Tentente Geraldo Neto e PM Gisele
Redes sociais/Reprodução
O pedido de prisão preventiva do tenente-coronel Geraldo Rosa Neto, investigado pela morte da policial militar Gisele Alves, deve avançar rapidamente nas próximas horas após ser protocolado pela Polícia Civil de São Paulo. O processo agora entra na fase de análise do Ministério Público.
De acordo com informações apuradas, o pedido será inicialmente avaliado por uma promotora que já acompanha o caso desde o início das investigações.

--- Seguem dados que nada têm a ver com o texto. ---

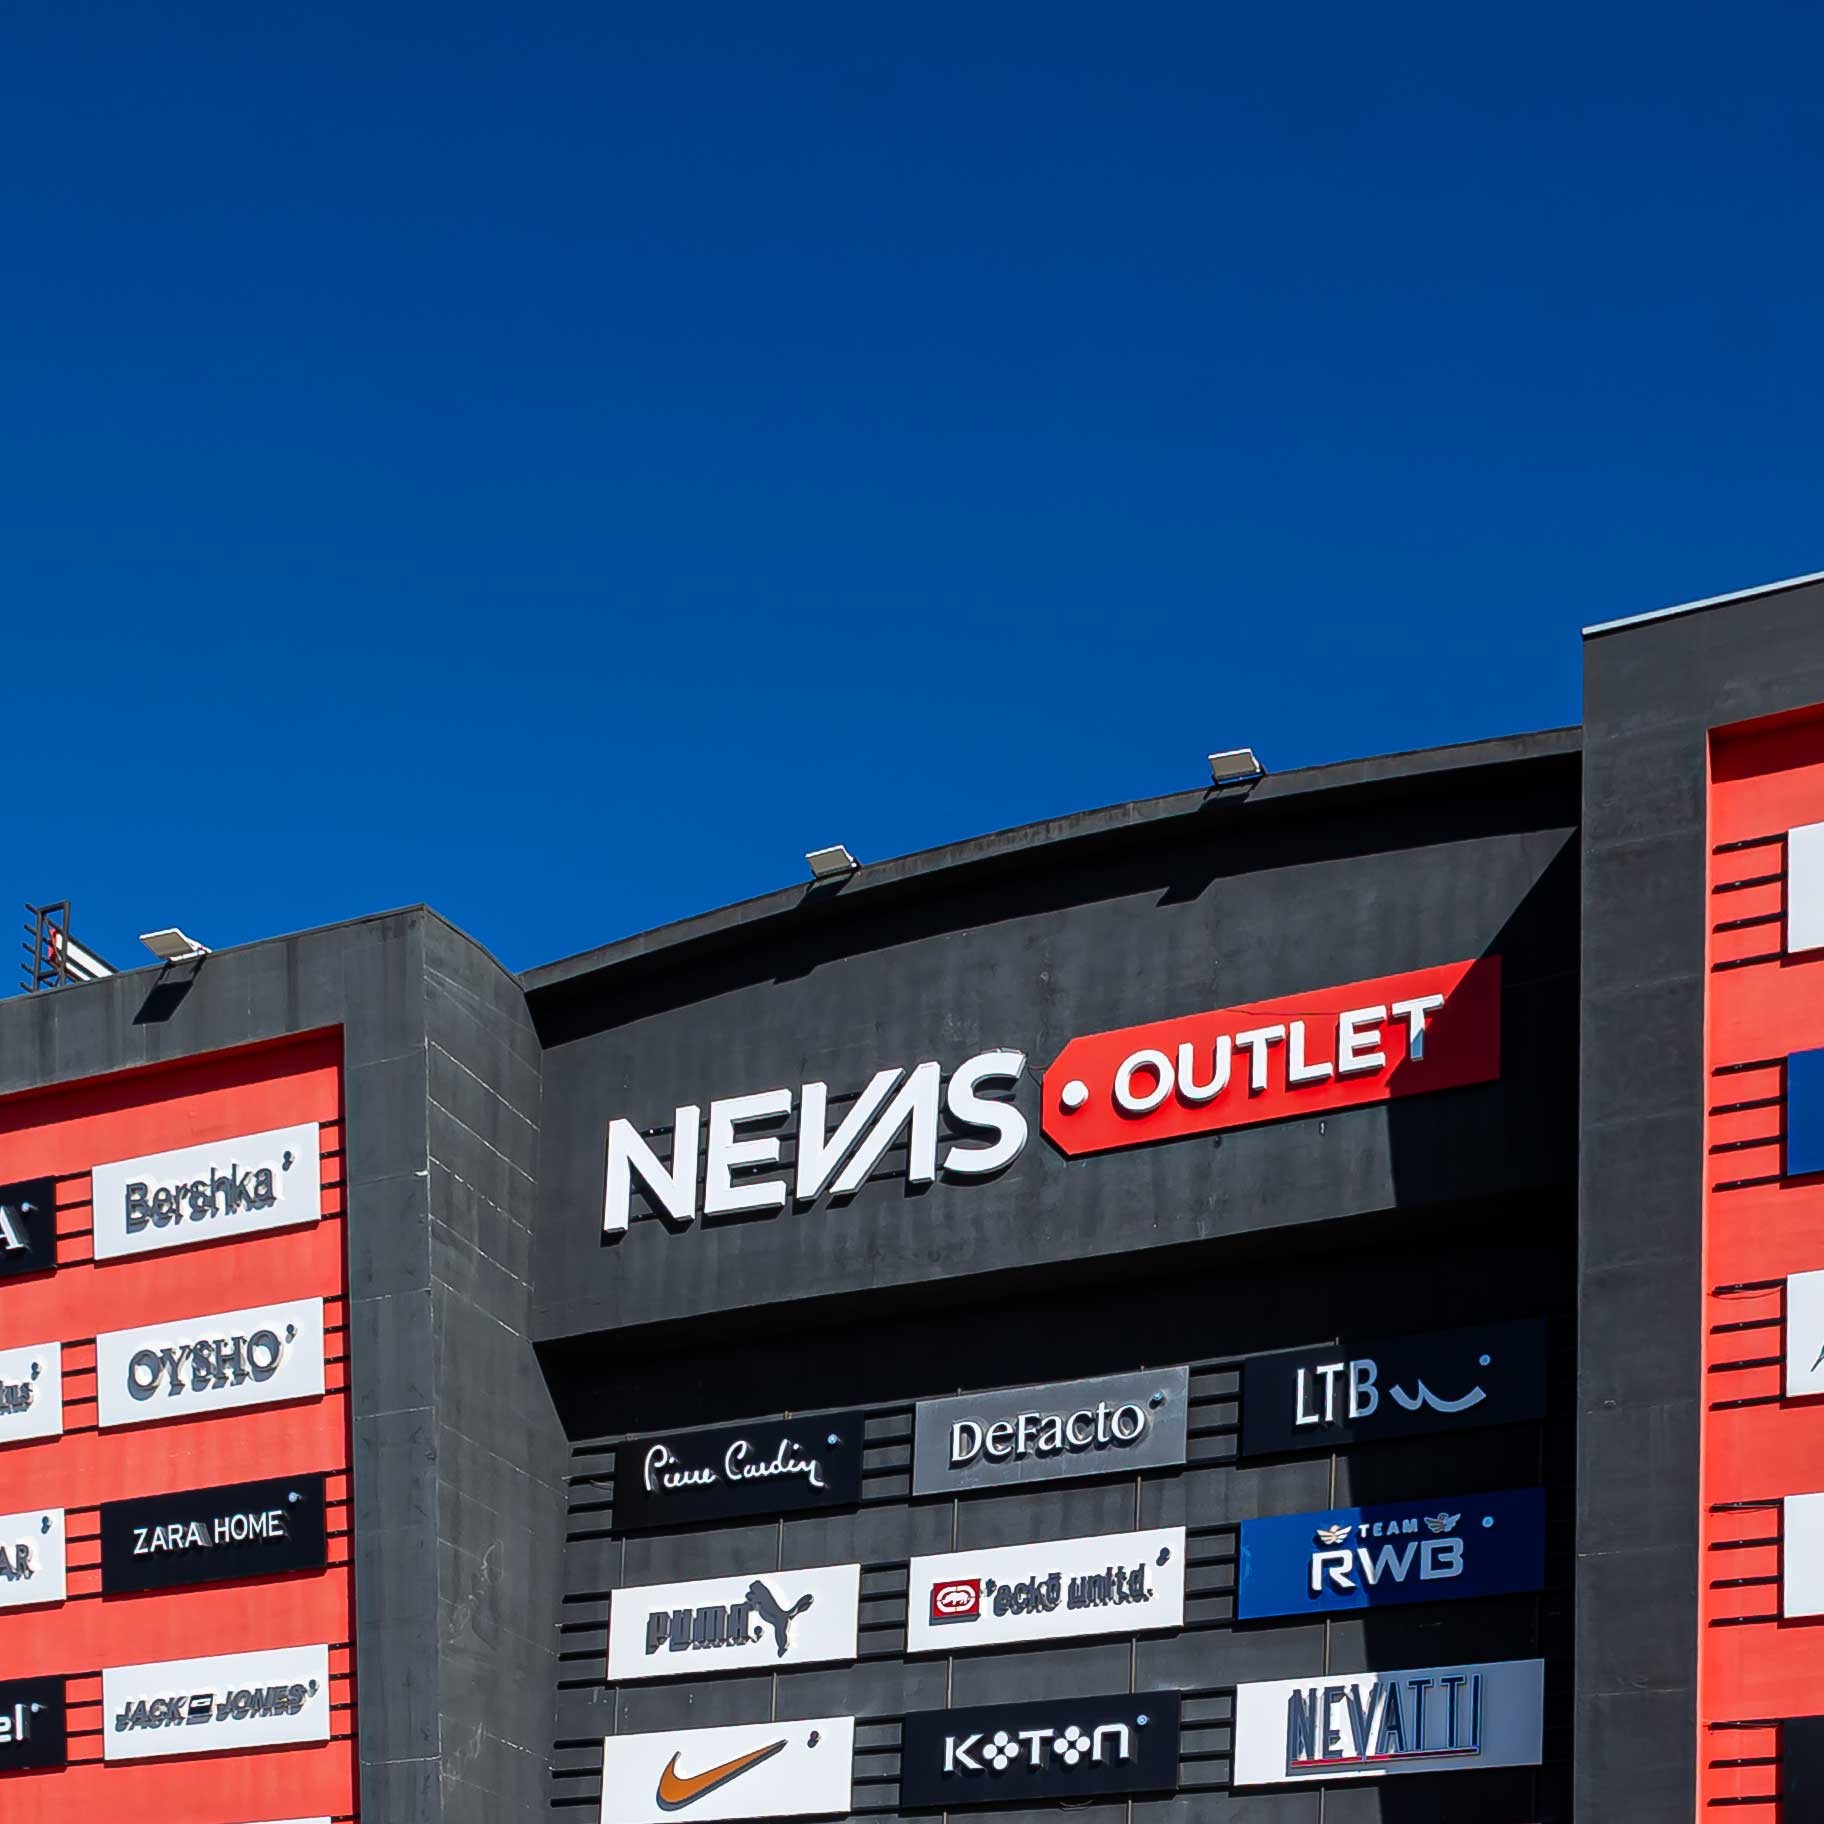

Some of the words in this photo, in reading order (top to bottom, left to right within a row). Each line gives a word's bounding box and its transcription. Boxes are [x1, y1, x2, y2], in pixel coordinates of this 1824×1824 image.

A expectativa é de que o parecer do Ministério Público seja emitido em curto prazo. Na prática, essa manifestação serve como uma recomendação à Justiça, que poderá concordar ou não com a solicitação feita pela Polícia Civil. Após essa etapa, o caso segue para análise do Poder Judiciário, responsável pela decisão final sobre a eventual decretação da prisão.
A Polícia Civil sustenta que há elementos suficientes para justificar a prisão preventiva do oficial, sob o argumento de que, em liberdade, ele poderia interferir no andamento das investigações ou do processo judicial. A medida, no entanto, não representa uma condenação, mas sim uma ação cautelar prevista na legislação brasileira.
O caso segue sob sigilo de Justiça, e os detalhes dos laudos periciais que embasaram o pedido não foram divulgados. Ainda assim, fontes indicam que os documentos tiveram papel central na decisão da polícia de formalizar a solicitação.